Gets or sets the SAML callback URL.

This is fixed and must always be the same as the OAuth redirect URL provisioned by Firebase Auth, https://project-id.firebaseapp.com/__/auth/handler unless a custom authDomain is used. The callback URL should also be provided to the SAML IdP during configuration.

IdpEntityId

string IdpEntityId

Gets or sets the SAML IdP entity identifier.

RpEntityId

string RpEntityId

Gets or sets the SAML relying party (service provider) entity ID.

This is defined by the developer but needs to be provided to the SAML IdP.

SsoUrl

string SsoUrl

Gets or sets the SAML IdP SSO URL.

X509Certificates

IEnumerable< string > X509Certificates

Gets or sets the collection of SAML IdP X.509 certificates issued by CA for this provider.

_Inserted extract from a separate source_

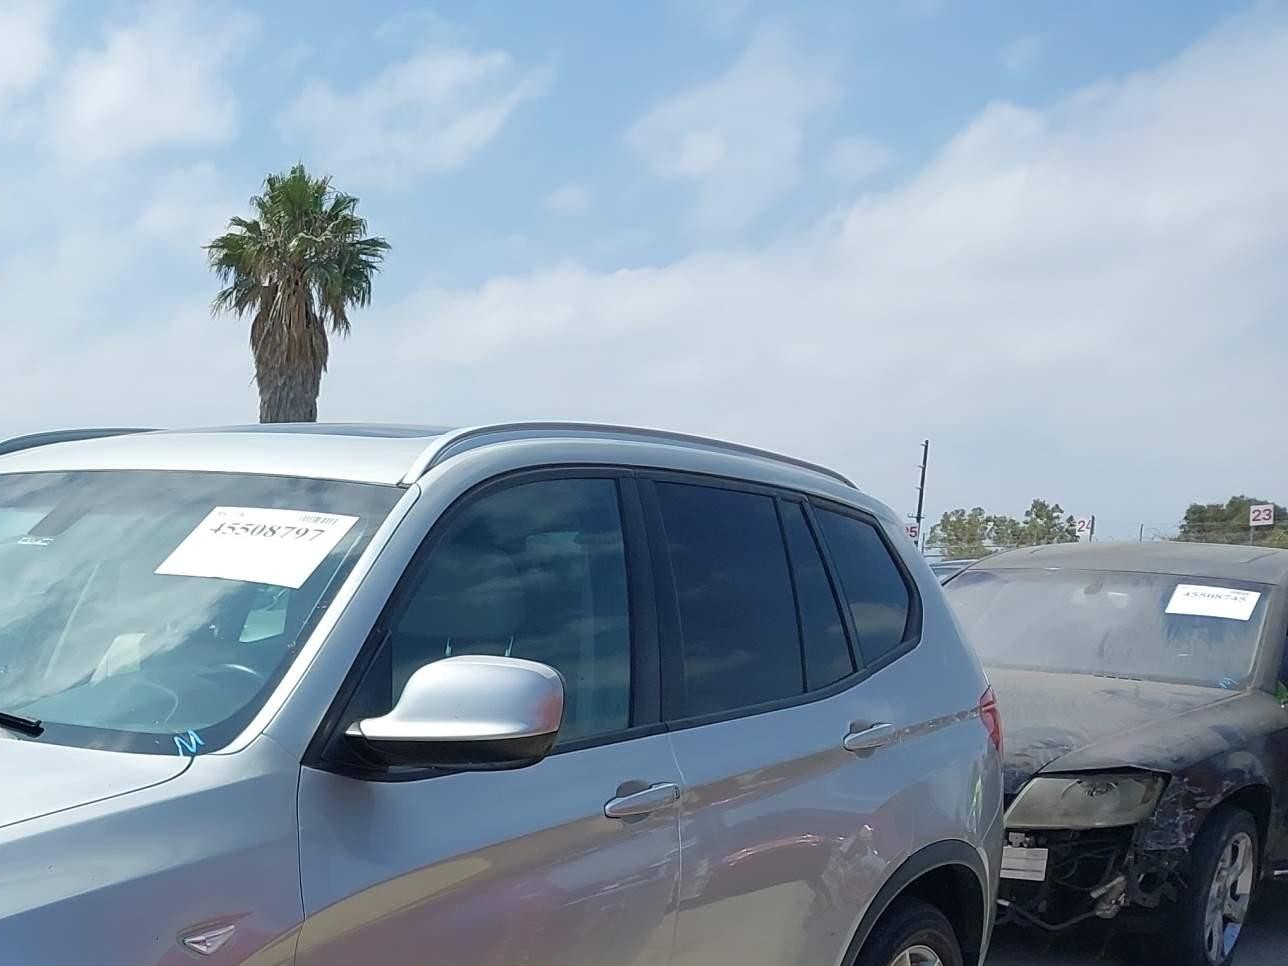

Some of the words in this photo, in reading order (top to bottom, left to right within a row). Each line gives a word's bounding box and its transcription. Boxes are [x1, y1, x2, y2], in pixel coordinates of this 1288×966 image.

[1252, 509, 1273, 522] 23
[210, 521, 326, 541] 45508797
[905, 526, 918, 538] 5

Multiple certificates are accepted to prevent outages during IdP key rotation (for example ADFS rotates every 10 days). When the Auth server receives a SAML response, it will match the SAML response with the certificate on record. Otherwise the response is rejected. Developers are expected to manage the certificate updates as keys are rotated.